Traduzido do artigo de Christina Cauterucci para o site Slate.com
O mundo conheceu poucos superastros com uma personalidade capaz de se equiparar à extravagância de Prince, capaz de fluir entre gêneros. O ícone do pop e do R&B, falecido na última quinta-feira aos 57 anos, enchia seus álbuns com uma pansexualidade descarada e descaso pelas normas de gênero – provocações tornadas ainda mais potentes por seus talentos acachapantes como cantor, criador de melodias, e guitarrista. Anos antes dos líderes das comunidades gays e lésbicas começarem a aceitar uma noção mais cheia de nuances e menos binária do que é ser queer – e décadas antes das políticas transgênero e genderqueer tornarem-se tópicos de interesse para a cultura mainstream – Prince apresentava um estudo vivo do que um mundo sem rótulos rígidos poderia oferecer.
“Eu não sou mulher. Eu não sou homem. Eu sou algo que você jamais será capaz de compreender”, cantava Prince em “I Would Die 4 U”, de 1984. Ele estava certo – poucos podiam se dizerem capazes de compreender completamente a maneira como Prince facilmente incorporava a masculinidade e a feminilidade ao mesmo tempo. A maneira como cuidadosamente evadia as classificações convencionais provocavam fascinação sem fim. A capa de Lovesexy, de 1988, oferece uma expressão clássica da bricolagem de gênero aparentemente incongruente que ele fazia tão bem.
A forma recatada e sexual de Prince sobre um mar de flores sinaliza a feminilidade. Mas ele também exibe suas características masculinas: Prince cobre seu mamilo como se fosse um seio, mas expõe o peito cabeludo. Suas pernas parecem lisas e depiladas, mas um bigodinho à John Waters aparece em seus lábios.
Assim como David Bowie fez antes dele, Prince era extravagante tanto em sua masculinidade como em sua feminilidade. Ele portava suas guitarras absurdas como se fossem extensões de seu membro, ao mesmo tempo que seduzia com seus olhos pintados e cascatas de joias. Ele até se vangloriava de que suas características traducionalmente femininas lhe traziam um poder sexual particular: “A maneira como eu visto calcinhas nessa bundinha dura / faz as minas me ligarem todas as noites”, ele cantava em “Prettyman”, de 1999. “Onde quer que eu vá, as pessoas param e ficam olhando / Elas só querem me ver agitando esse cabelo lindo”. Mais do que desprezar as fronteiras de gênero e sexualidade, Prince as destroçava com o pé no peito (e salto plataforma), esfregando o volume visível em suas calças na cara de quem se recusava a ver.

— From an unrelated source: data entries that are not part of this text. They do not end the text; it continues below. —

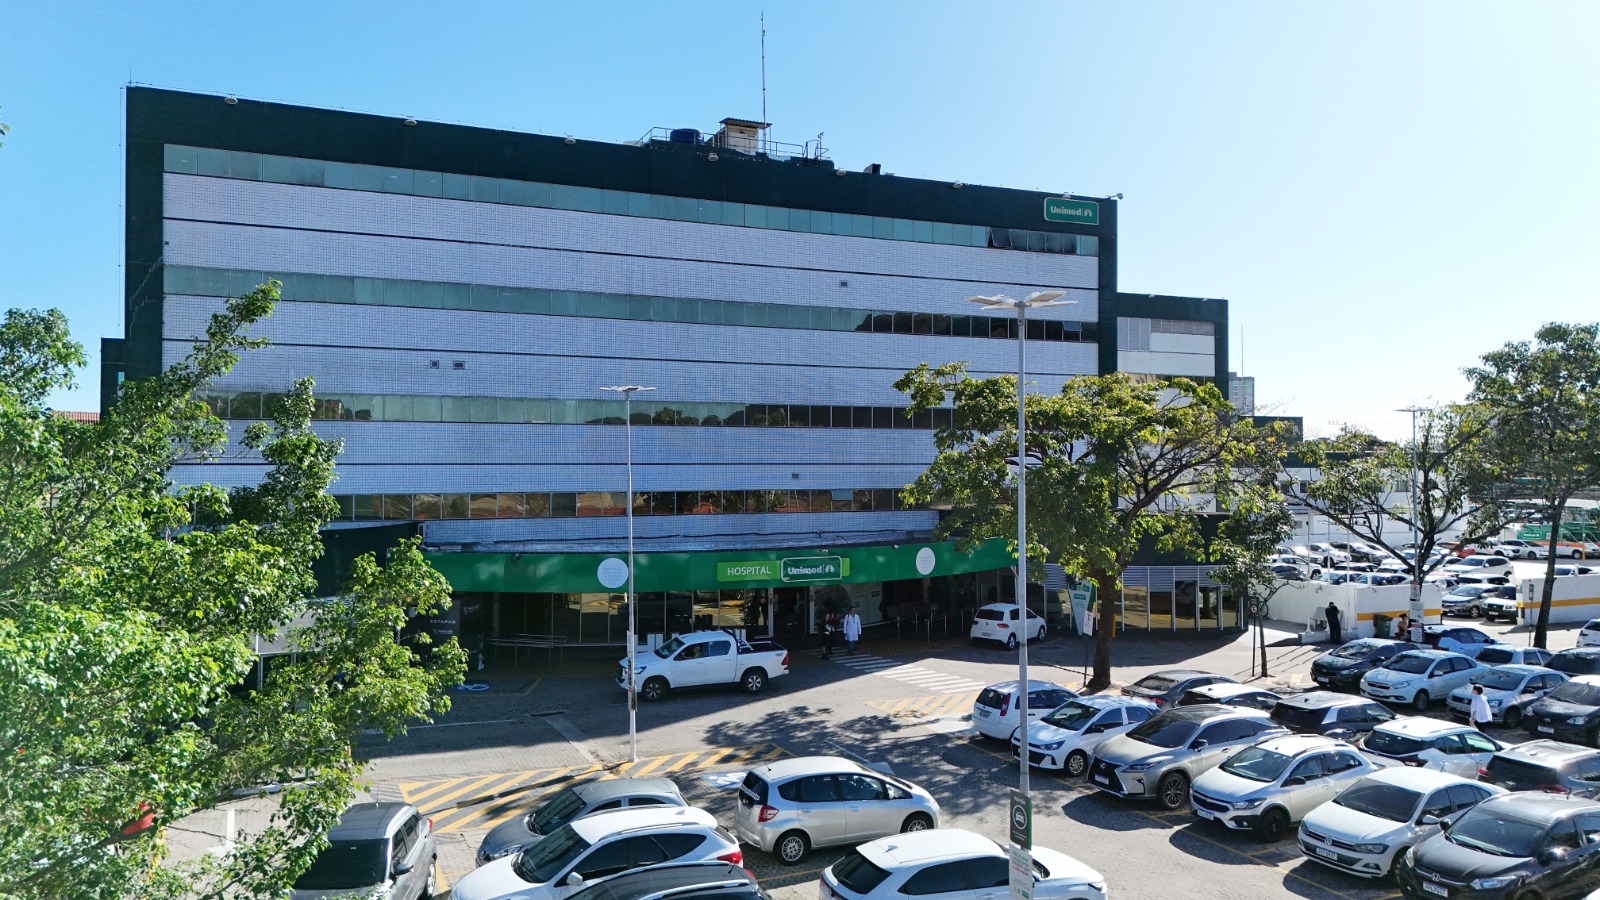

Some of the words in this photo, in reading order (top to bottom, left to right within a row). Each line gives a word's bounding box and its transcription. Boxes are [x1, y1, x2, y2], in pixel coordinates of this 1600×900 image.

[1050, 205, 1082, 216] Unimed
[727, 566, 772, 576] HOSPITAL
[787, 566, 823, 575] Unimed
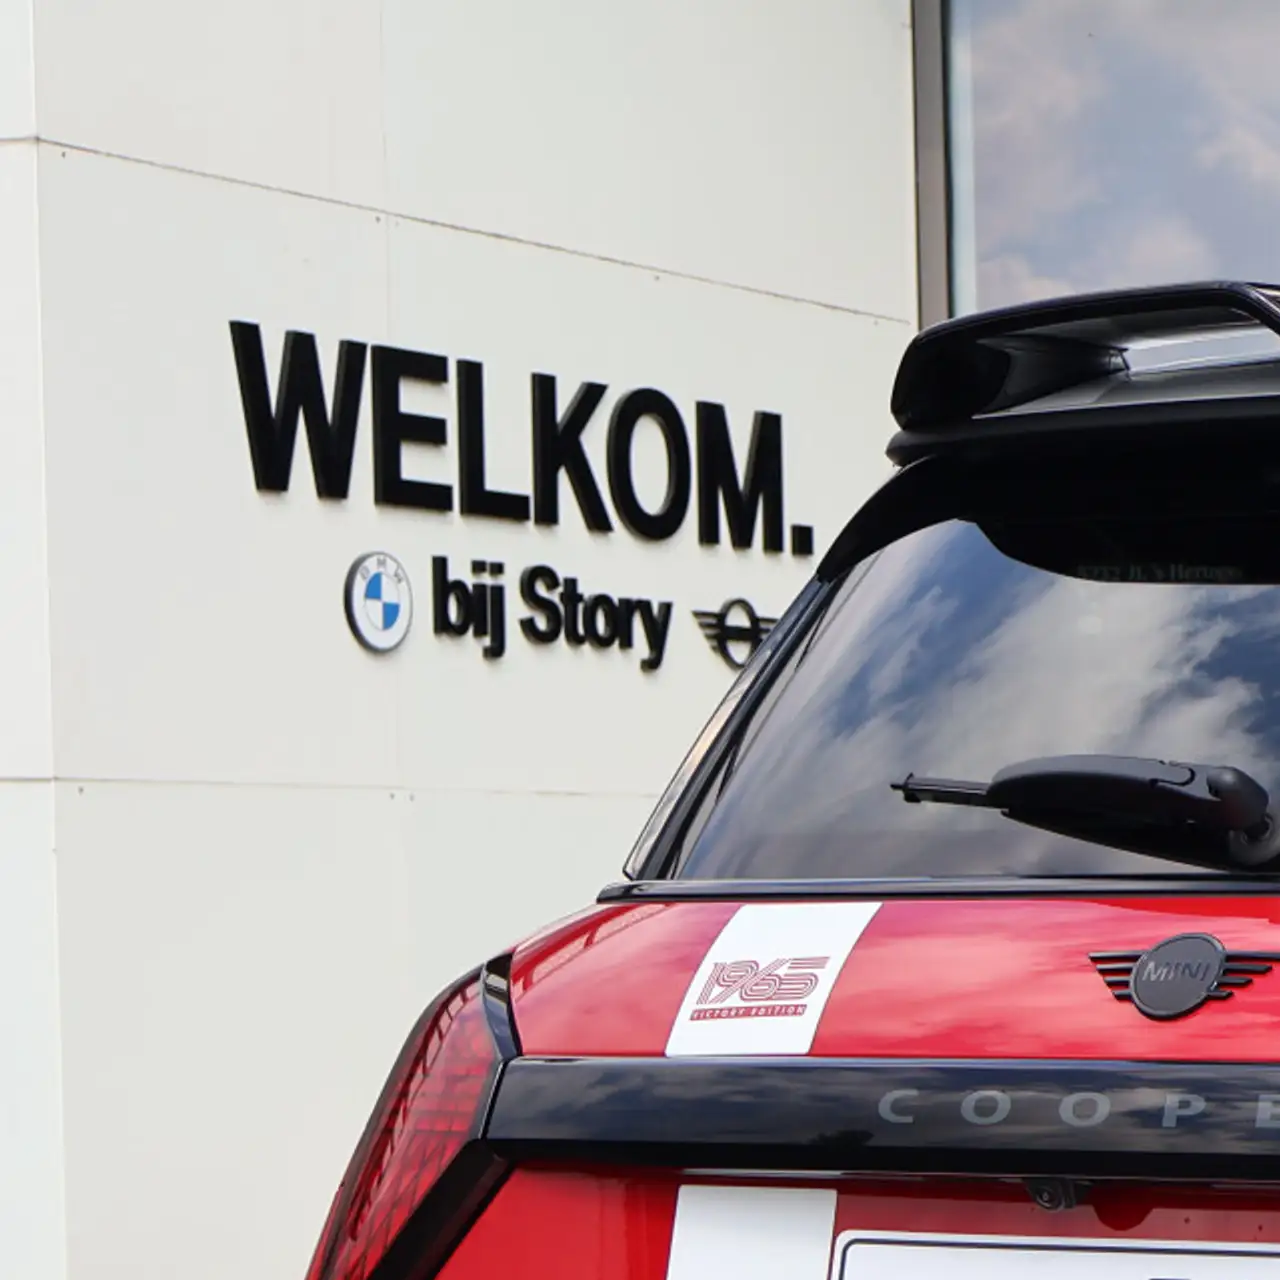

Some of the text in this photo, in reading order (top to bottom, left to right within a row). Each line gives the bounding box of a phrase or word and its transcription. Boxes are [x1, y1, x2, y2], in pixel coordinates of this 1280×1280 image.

[228, 319, 815, 557] WELKOM.
[431, 555, 673, 672] bij Story
[696, 956, 830, 1005] 1965
[1142, 960, 1211, 981] MINI
[750, 1005, 806, 1016] EDITION
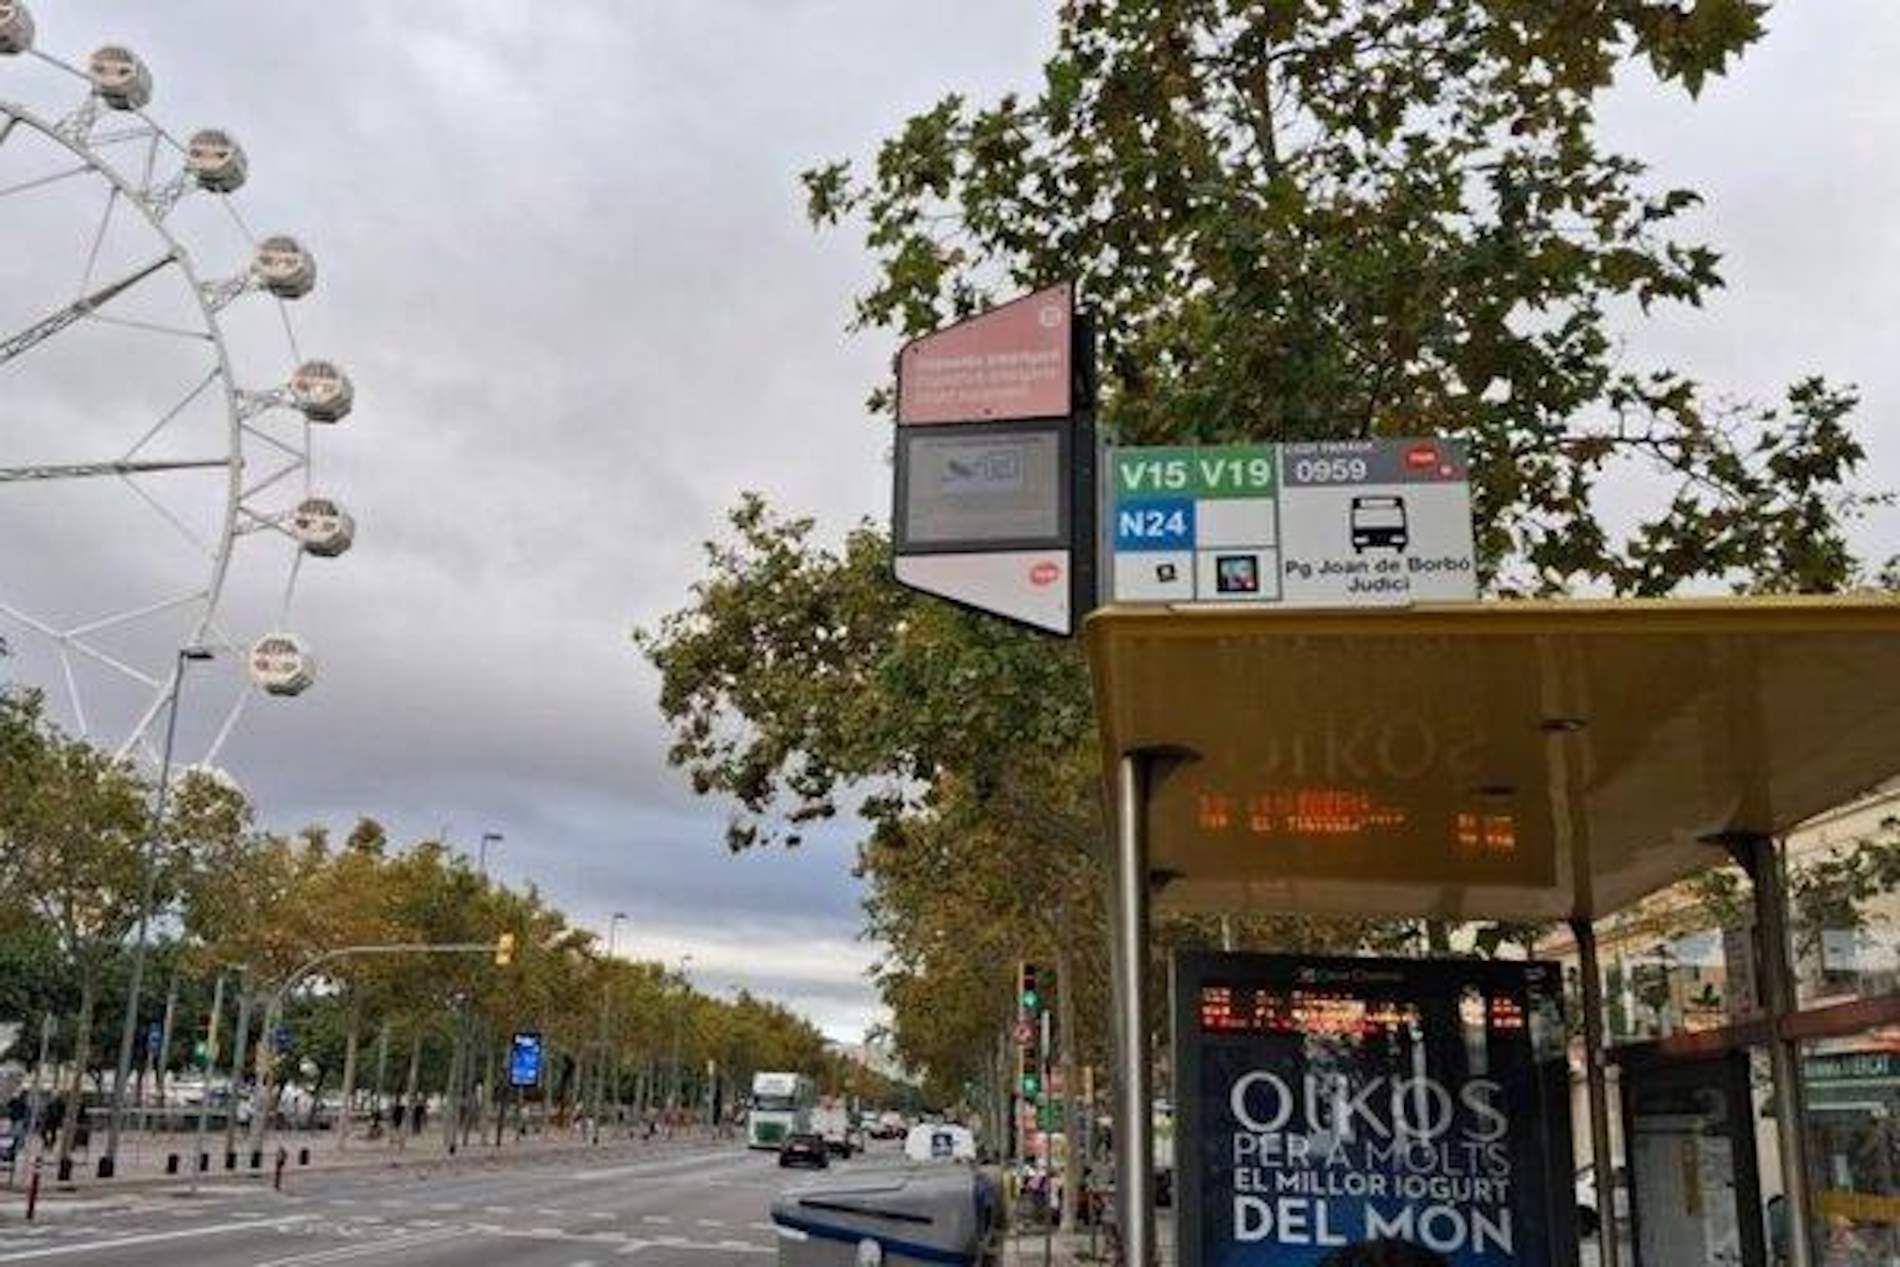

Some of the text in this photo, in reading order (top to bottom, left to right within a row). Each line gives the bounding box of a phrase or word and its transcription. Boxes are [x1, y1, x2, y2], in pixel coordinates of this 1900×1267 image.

[1120, 458, 1272, 490] V15 V19
[1296, 458, 1368, 483] 0959
[1119, 510, 1187, 538] N24
[1285, 560, 1314, 578] Pg
[1318, 559, 1369, 576] Joan
[1375, 558, 1401, 574] de
[1349, 575, 1411, 594] Judici
[1229, 1069, 1510, 1143] OIKOS
[1233, 1131, 1310, 1168] PER
[1366, 1138, 1512, 1177] MOLTS
[1233, 1167, 1511, 1204] EL MILLOR IOGURT
[1233, 1195, 1348, 1247] DEL

Essa concepção caleidoscópica de gênero tornou-se integral à própria essência de sua identidade. Quando Prince abandonou seu nome artístico e passou a adotar o “símbolo do amor” em 1993, ele incluiu elementos dos símbolos de Marte e Vênus, ou masculino e feminino, em seu design. Hoje, símbolos similiares são utilizados para designar pessoas trans, genderqueer ou intersexo.
Muitos consideram que uma das faixas de Prince, “If I Was Your Girlfriend” (“Se eu fosse sua namorada”), de 1987, é uma maneira de explorar tangencialmente a questão da identidade transgênero. “Se eu fosse sua namorada / você se lembraria de me contar as coisas que você esqueceu de dizer / quando eu era seu homem?”, cantou. “Você me deixaria lavar seu cabelo / Será que algum dia faria café da manhã para mim / Ou então, a gente poderia apenas ficar junto, quer dizer / a gente poderia ir ver um filme e chorar juntos?… quer dizer, a gente não tem que fazer filhos para fazer amor / e mais, a gente não tem que fazer amor para ter um orgasmo”.
Para os fãs, a apresentação ampla de gênero e sexualidade que Prince oferecia prometia uma existência mais honesta e aberta. “Eu perdi o medo de exibir muitas das qualidades estereotipicamente femininas que estavam em mim”, escreveu StainedGlassBimbo, que se declara heterossexual, num fórum para fãs de Prince. “[Ele me mostrou que] você não tem que ser masculino para ser homem”. Outro membro do fórum se encantava com a masculinidade fanfarrona de Prince, envolta pelos ornamentos do “sexo frágil”: “Lá estava esse cara vestindo renda e joias – e cantando de maneiras de se fazer sexo com mulheres que eu nem sabia que existiam!”.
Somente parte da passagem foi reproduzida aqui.